The Mogiana region: This is the area along the border of São Paulo and Minas Gerais states north of São Paulo. The Mogiana coffee region is named after the Companhia Mogiana Estrada de Ferro train line that ran through this area when trains and coffee were inseparable companions in commercial and community development. The Mogiana area is known for its rich red soil.

The Sul Minas region: This is the heart of Brazil’s coffee country. The rugged, rolling hills of Sul Minas, are located in the southern part of Minas Gerais state northeast of São Paulo.

The Cerrado region: This is a high, semi-arid plateau surrounding the city of Patrocinio, between São Paulo and Brasilia.
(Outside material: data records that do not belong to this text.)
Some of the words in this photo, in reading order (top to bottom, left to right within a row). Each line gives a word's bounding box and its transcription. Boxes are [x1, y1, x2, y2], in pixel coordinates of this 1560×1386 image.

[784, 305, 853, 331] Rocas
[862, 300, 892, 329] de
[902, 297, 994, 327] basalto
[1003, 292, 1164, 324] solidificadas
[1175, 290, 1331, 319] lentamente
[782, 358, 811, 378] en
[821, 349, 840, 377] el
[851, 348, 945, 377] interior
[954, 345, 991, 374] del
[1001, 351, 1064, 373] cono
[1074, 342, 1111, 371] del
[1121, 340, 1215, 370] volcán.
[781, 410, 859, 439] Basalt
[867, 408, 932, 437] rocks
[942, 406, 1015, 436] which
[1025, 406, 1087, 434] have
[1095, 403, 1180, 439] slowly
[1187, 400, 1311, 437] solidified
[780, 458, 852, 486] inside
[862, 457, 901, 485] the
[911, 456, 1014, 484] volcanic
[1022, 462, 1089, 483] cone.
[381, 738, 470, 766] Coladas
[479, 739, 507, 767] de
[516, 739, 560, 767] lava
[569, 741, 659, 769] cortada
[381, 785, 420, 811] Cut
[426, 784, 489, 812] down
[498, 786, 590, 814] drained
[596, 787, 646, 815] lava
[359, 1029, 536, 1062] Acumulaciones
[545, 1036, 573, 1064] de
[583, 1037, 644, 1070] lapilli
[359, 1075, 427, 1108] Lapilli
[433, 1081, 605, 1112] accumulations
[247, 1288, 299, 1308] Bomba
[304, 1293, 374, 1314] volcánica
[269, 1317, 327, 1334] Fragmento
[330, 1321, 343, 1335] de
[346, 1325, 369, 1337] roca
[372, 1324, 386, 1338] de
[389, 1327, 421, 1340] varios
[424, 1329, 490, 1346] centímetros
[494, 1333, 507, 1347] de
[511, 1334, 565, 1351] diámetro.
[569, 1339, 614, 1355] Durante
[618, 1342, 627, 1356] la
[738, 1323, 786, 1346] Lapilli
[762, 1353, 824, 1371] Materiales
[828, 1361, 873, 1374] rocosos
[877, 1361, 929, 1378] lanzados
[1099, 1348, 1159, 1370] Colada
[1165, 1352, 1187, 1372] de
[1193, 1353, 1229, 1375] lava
This area is located in Brazil’s central high plains region.
Of all the coffees growing in these regions, Brazilian Santos Bourbon is Brazil’s best well known Specialty Coffee.

Enjoy a cup of Santos Bourbon gourmet coffee!
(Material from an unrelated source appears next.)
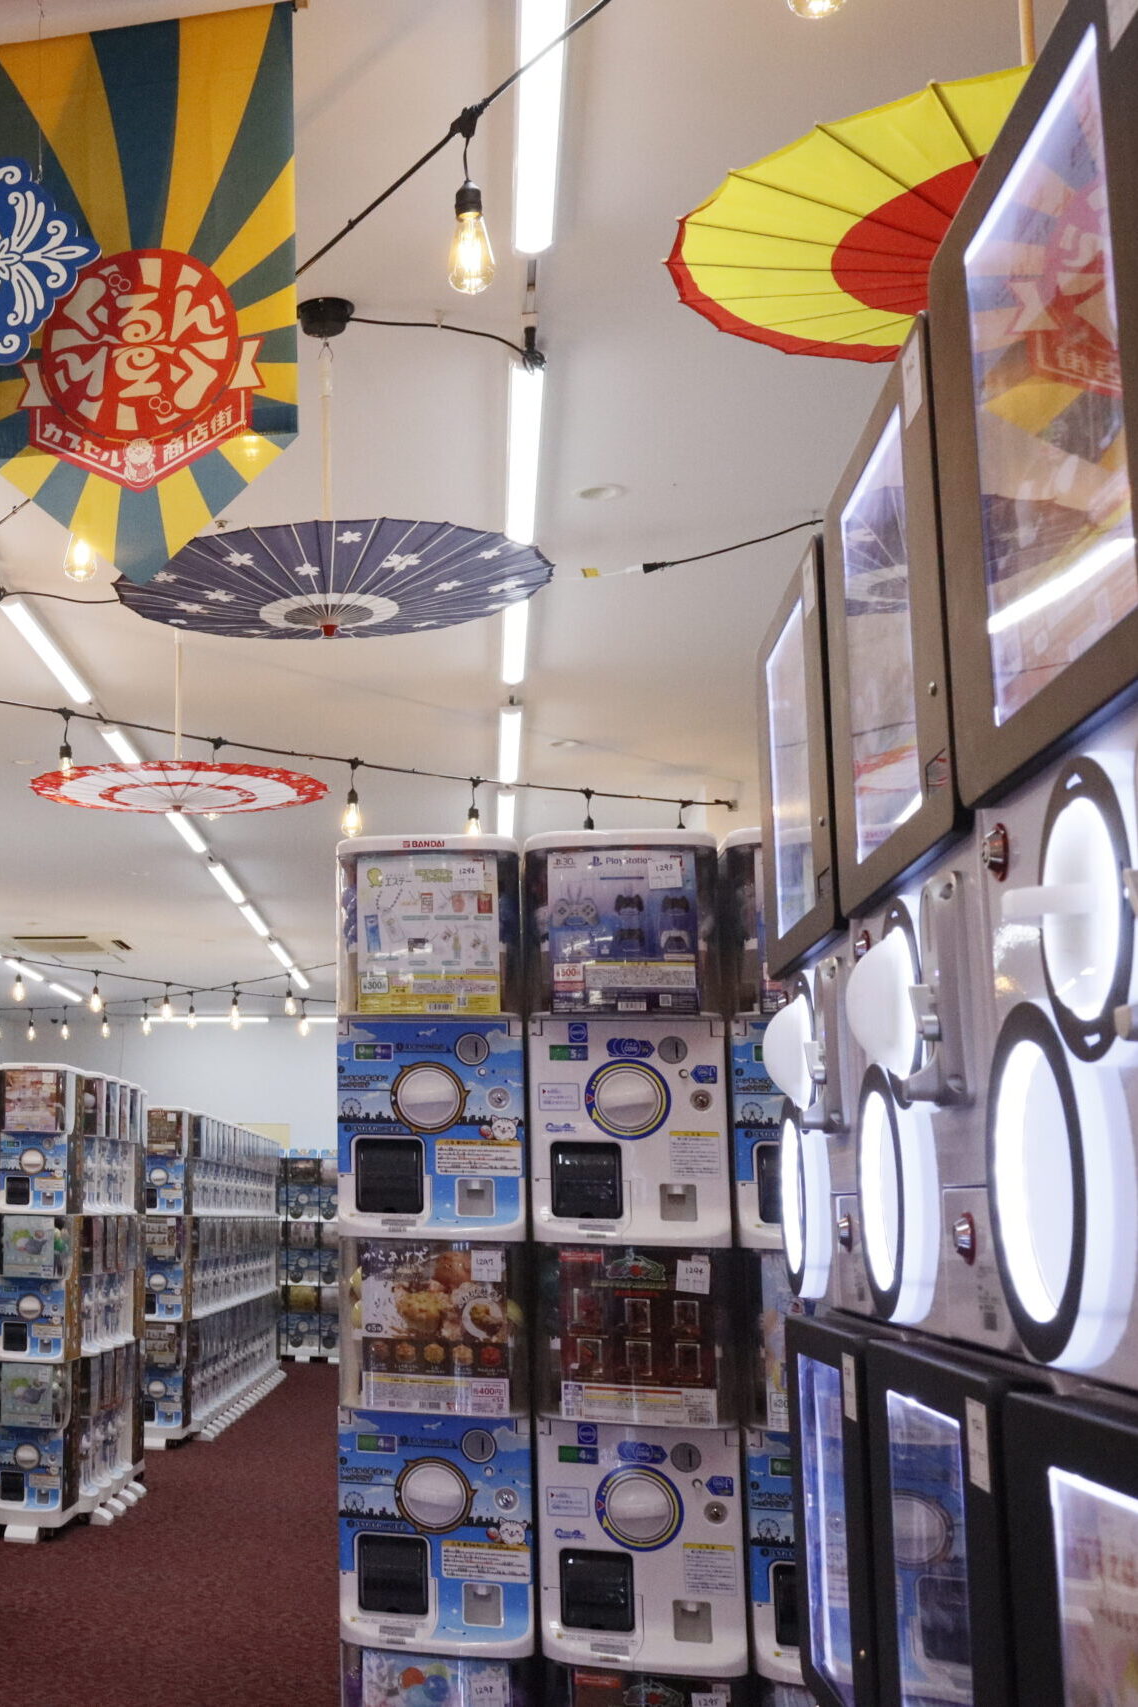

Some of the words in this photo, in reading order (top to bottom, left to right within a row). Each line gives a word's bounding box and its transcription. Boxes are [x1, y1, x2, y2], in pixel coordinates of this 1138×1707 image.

Santos is a market name referring to the port through which this coffee is traditionally shipped.
The Arabica coffee plants that produce this coffee came from the rich volcanic soils of the island of Bourbon, now called the Island of Reunion.
From a historical perspective, the island of Reunion is located in the Indian Ocean, East of Madagascar. This island was an important stopover on the East Indian trading route. When the Suez Canal opened, the island lost its importance.
Fortunately for Brazil, the trees imported from the island of Reunion took root very well and started one of Brazil’s main cash crops.
Brazilian Santos Bourbon is a light bodied coffee, with low acidity, a pleasing aroma and a mild, smooth flavor. Brazilian Santos Bourbon is dry-processed (dried inside the fruit) which is why some of the sweetness of the fruit carries into the cup.
Brazil’s Coffee, Music, Art and Cultural Traditions
Coffee is one of Brazil’s most valuable and widely traded commodity crops.
Brazil’s origins make it a musical country full of passion, sentiment and joy: Indians’ reed flutes; Portuguese viola players, and African thrilling drum rhythms. Brazilian music includes the soft sounds of bossa nova, the driving beat of samba and other rhythms based on percussion instruments and hand clapping.
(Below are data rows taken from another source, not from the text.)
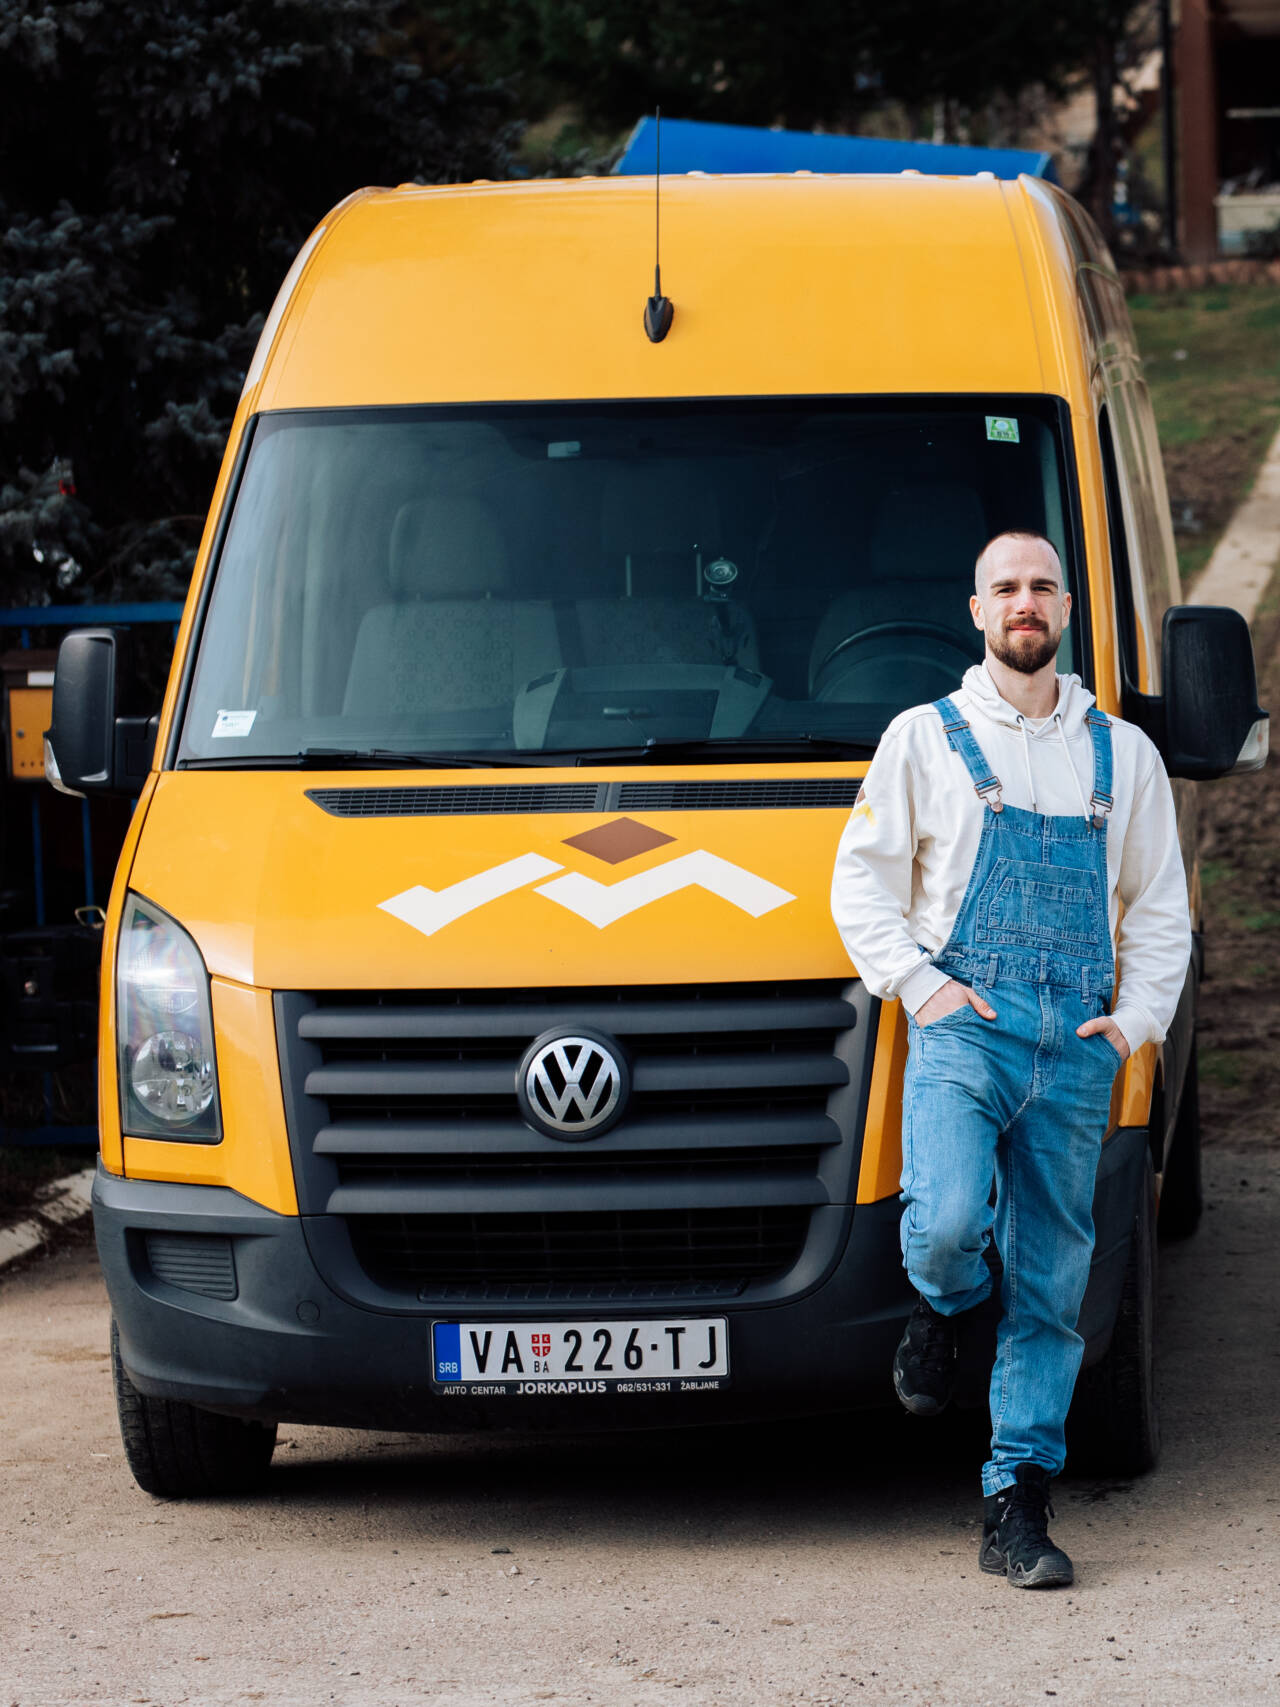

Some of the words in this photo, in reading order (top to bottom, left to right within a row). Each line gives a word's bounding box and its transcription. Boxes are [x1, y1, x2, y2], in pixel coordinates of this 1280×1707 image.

[469, 1330, 524, 1374] VA
[439, 1362, 458, 1373] SRB
[533, 1361, 549, 1373] BA
[443, 1386, 467, 1395] AUTO
[471, 1386, 506, 1395] CENTAR
[516, 1381, 607, 1394] JORKAPLUS
[617, 1382, 671, 1392] 062/531-331
[680, 1381, 719, 1390] ŽABLJANE
The exact origin of samba is unknown. Perhaps it was born in the streets of Rio de Janeiro from a combination of Portuguese courtly songs, African rhythms and native Indian fast footwork. The reality is samba remains a part of Rio de Janeiro’s streets. Carnival is one of the largest parties on Earth when hundreds of samba schools and thousands of people put on an unforgettable display of colors, music, noise and, yes, a lot of Brazilian coffee!

Coffee, Music and Art

Coffee is very much a part of Brazilian life where people encourage each other to enjoy a morning cup of coffee, to smell the flowers and to listen to the songbirds. There is a connection between coffee, songbirds and samba, Brazil’s most popular rhythm. The natural sounds of songbirds influence many musical tunes and variations. The costumes of Carnival and daily clothing reflect colorful images and hues inspired by local wildlife.

Across the country, there is a growing awareness of the wildlife habitat reduction as a result of urbanization, conventional modern farming and deforestation. As a result, shade grown coffee, the traditional method of coffee farming, is growing in acceptance among farmers who recognize it as a positive alternative for wildlife conservation.

The Brazilian “Cafezinho” Tradition:
The “cafezinho” tradition is as Brazilian as Apple Pie is American. “Cafezinho” is the diminutive word in Portuguese for coffee. In Brazil, however, “cafezinho” is the way to welcome anyone into homes, businesses or just about anywhere. In Brazil it does not take long to learn the phrase “você quer um cafezinho?” (do you want a little coffee?). This is a question heard everywhere, all day long and almost always followed by a very small cup of very potent coffee. You can call it a mini espresso with a powerful punch!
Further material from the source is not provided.